[Records]
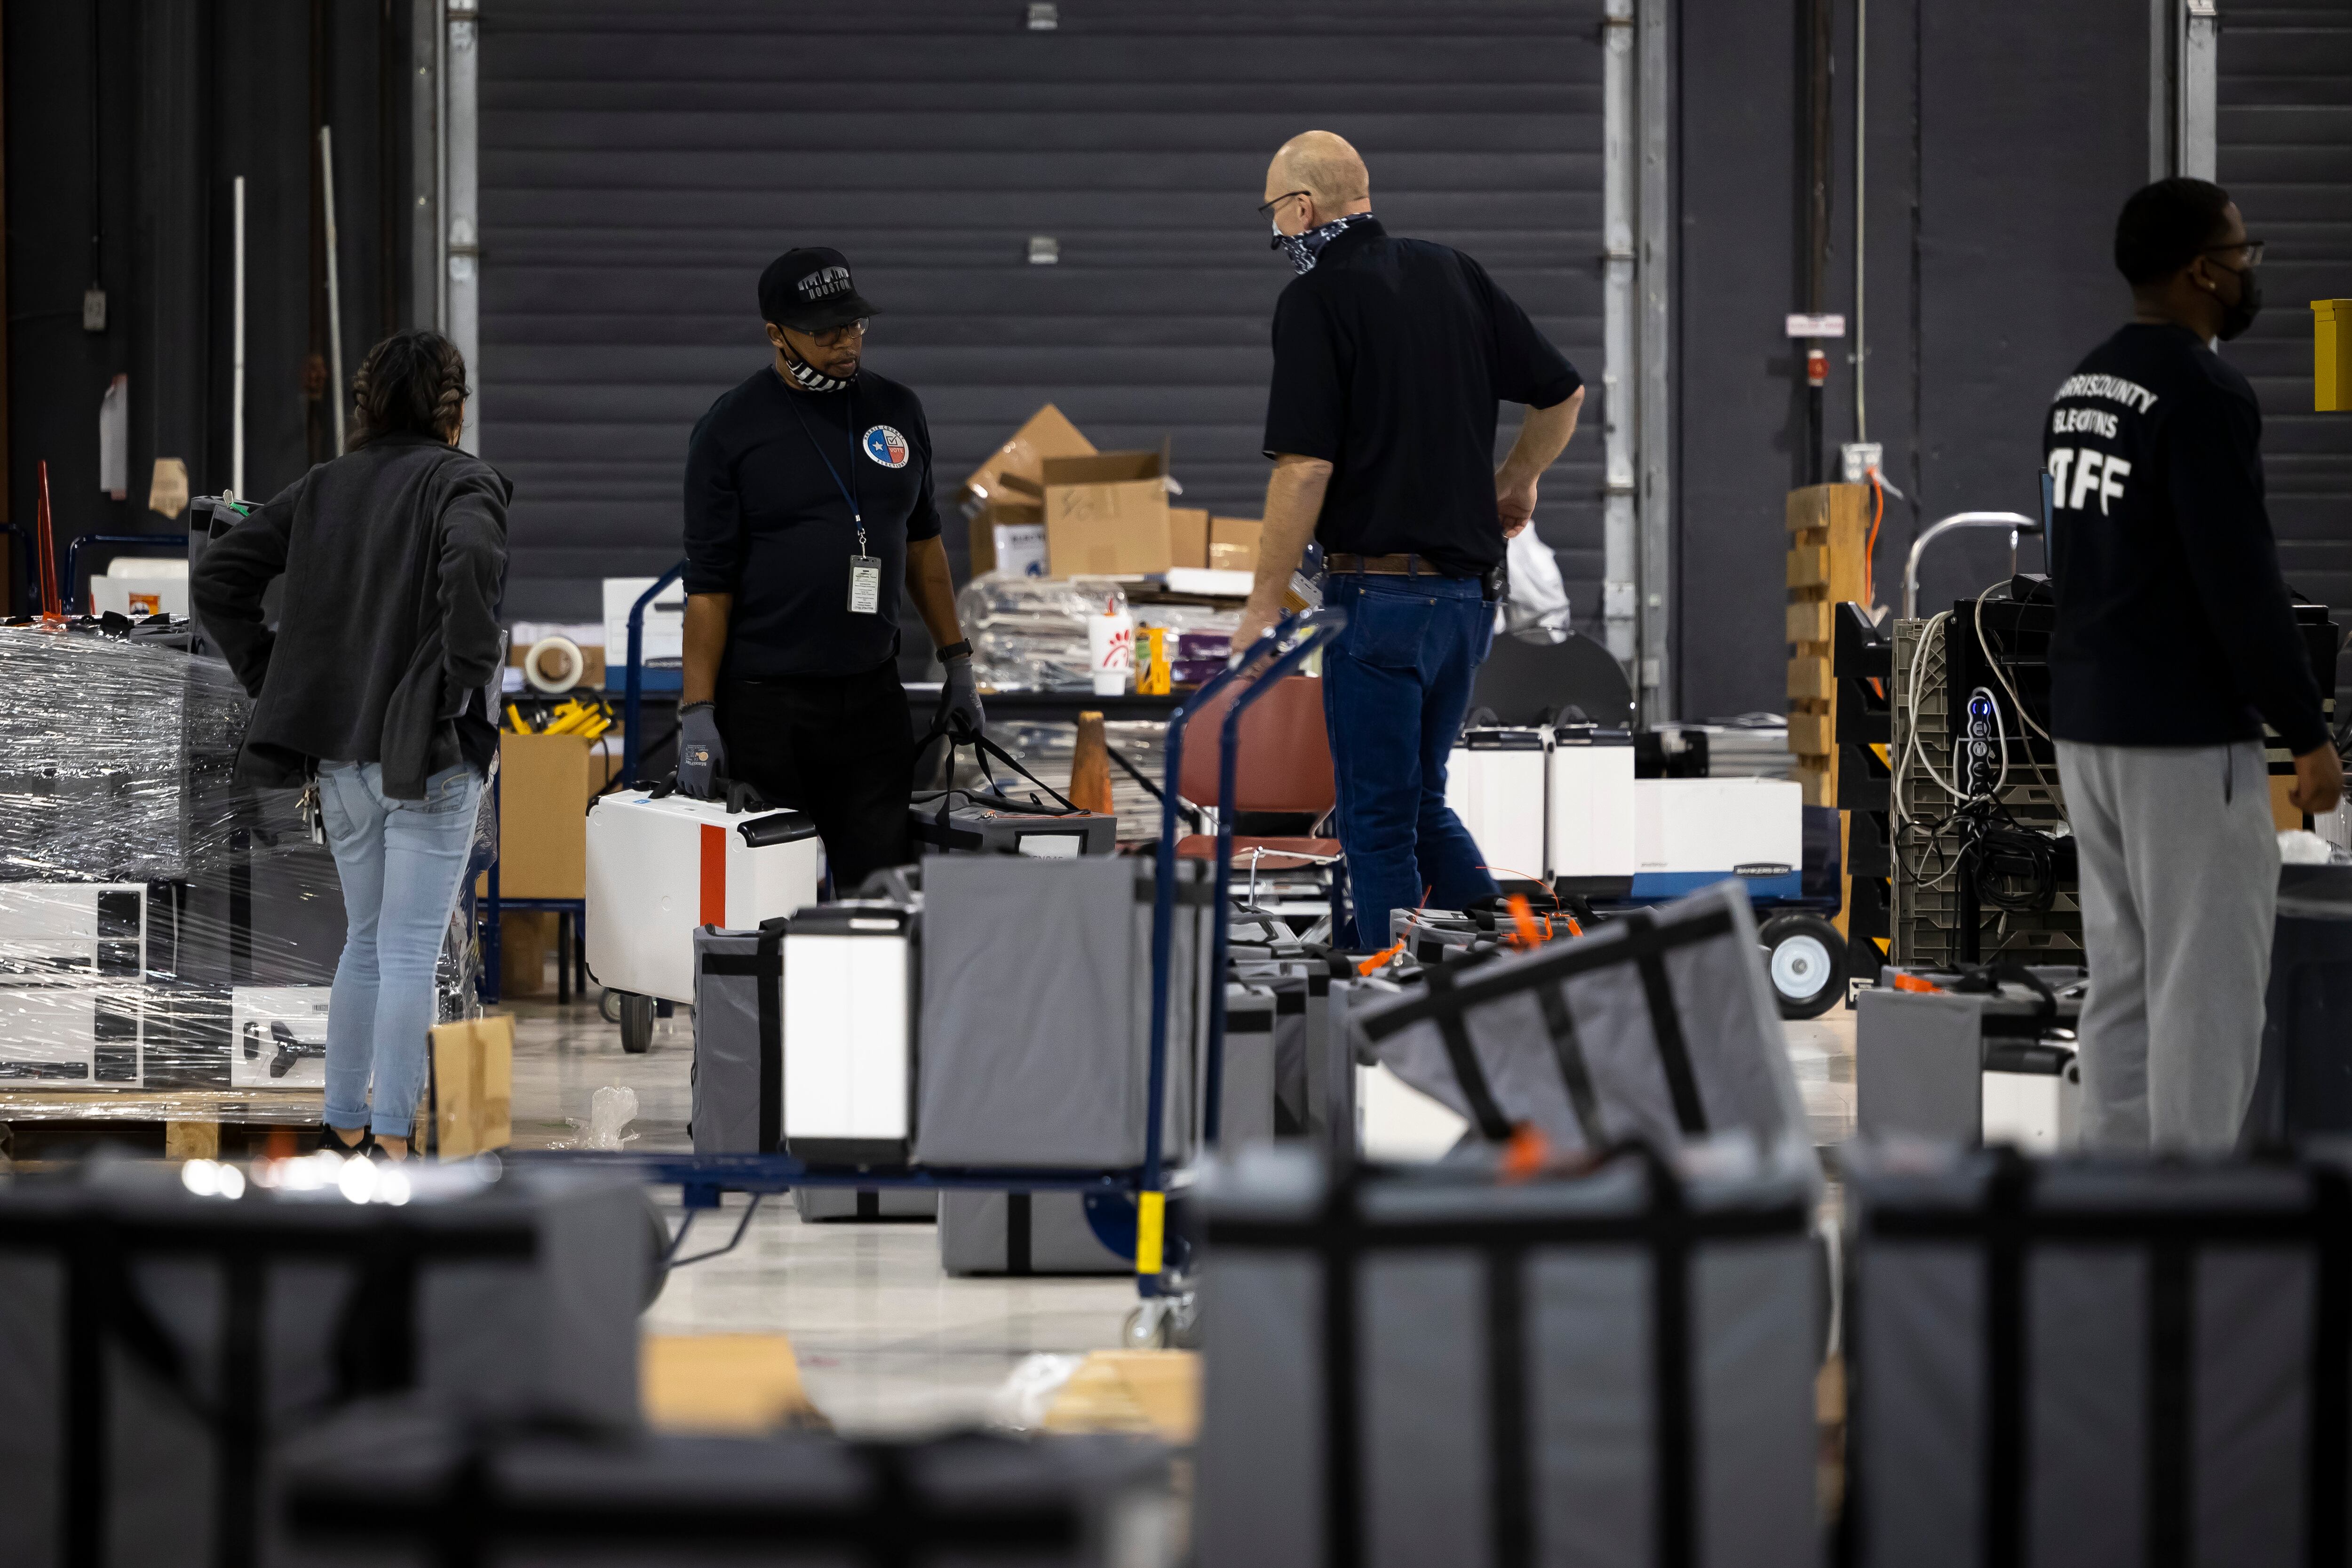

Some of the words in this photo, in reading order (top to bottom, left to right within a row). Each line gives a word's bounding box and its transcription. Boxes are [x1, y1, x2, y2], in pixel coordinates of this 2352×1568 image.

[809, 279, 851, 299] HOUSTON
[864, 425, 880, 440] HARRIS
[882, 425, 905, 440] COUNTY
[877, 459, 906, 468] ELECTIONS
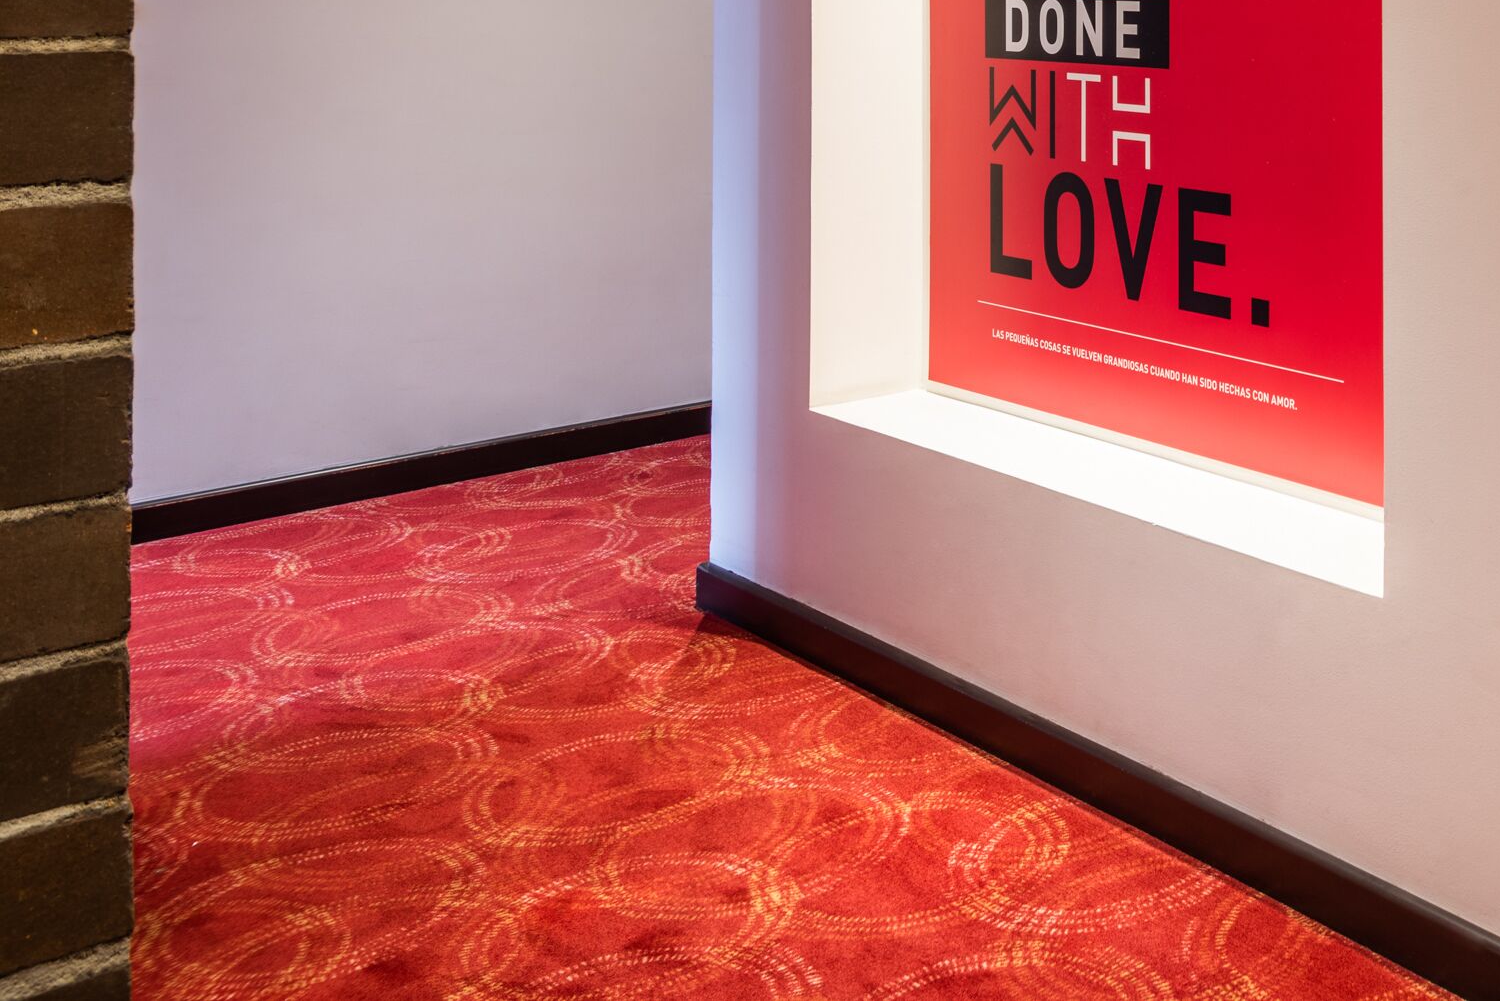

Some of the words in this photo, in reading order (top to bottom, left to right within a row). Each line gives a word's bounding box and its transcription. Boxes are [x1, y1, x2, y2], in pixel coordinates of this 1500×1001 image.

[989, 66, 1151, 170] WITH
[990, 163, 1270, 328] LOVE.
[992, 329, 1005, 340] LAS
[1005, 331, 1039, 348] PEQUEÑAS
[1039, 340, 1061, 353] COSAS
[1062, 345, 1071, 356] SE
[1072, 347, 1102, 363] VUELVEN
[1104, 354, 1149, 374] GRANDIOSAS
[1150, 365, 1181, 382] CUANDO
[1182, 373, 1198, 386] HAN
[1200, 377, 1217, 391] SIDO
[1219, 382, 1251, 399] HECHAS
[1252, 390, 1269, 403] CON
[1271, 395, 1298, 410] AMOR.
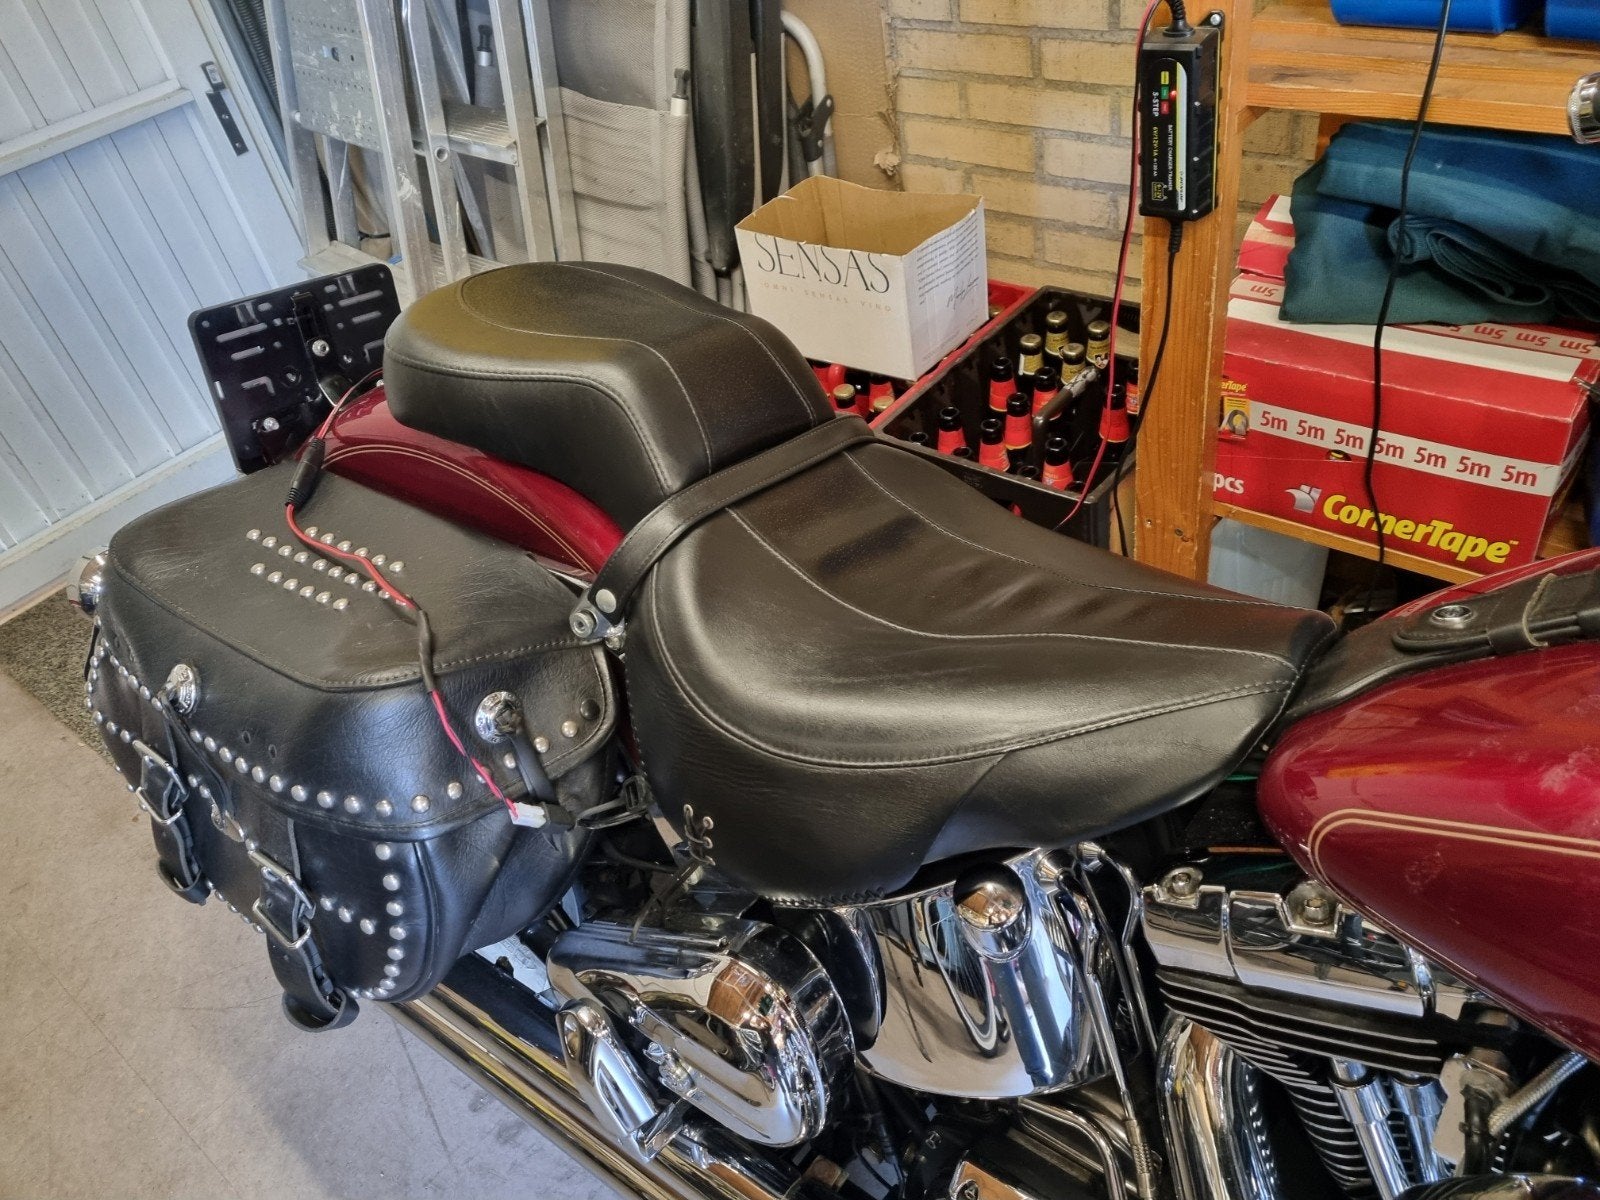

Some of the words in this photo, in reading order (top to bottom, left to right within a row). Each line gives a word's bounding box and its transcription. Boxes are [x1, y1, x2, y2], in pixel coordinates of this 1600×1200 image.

[Task to carry out] Where pictures sit among the data above, omit them, and output the rest exactly.

[Answer section]
Some of the words in this photo, in reading order (top to bottom, left to right within a row). Each line gives a word's bounding box and its transcription. Boxes are [x1, y1, x2, y2], in pixel coordinates of this 2352×1568 image.

[809, 279, 851, 299] HOUSTON
[864, 425, 880, 440] HARRIS
[882, 425, 905, 440] COUNTY
[877, 459, 906, 468] ELECTIONS

Some of the words in this photo, in reading order (top to bottom, left to right within a row). Each line gives a word's bounding box and its transcription. Boxes are [x1, y1, x2, y2], in pixel coordinates of this 1500×1001 image.

[989, 66, 1151, 170] WITH
[990, 163, 1270, 328] LOVE.
[992, 329, 1005, 340] LAS
[1005, 331, 1039, 348] PEQUEÑAS
[1039, 340, 1061, 353] COSAS
[1062, 345, 1071, 356] SE
[1072, 347, 1102, 363] VUELVEN
[1104, 354, 1149, 374] GRANDIOSAS
[1150, 365, 1181, 382] CUANDO
[1182, 373, 1198, 386] HAN
[1200, 377, 1217, 391] SIDO
[1219, 382, 1251, 399] HECHAS
[1252, 390, 1269, 403] CON
[1271, 395, 1298, 410] AMOR.

Some of the words in this photo, in reading order (top to bottom, left to right within a row). Each line gives a word's bounding box and its transcription. Boxes are [x1, y1, x2, y2], in pixel coordinates of this 1600×1200 image.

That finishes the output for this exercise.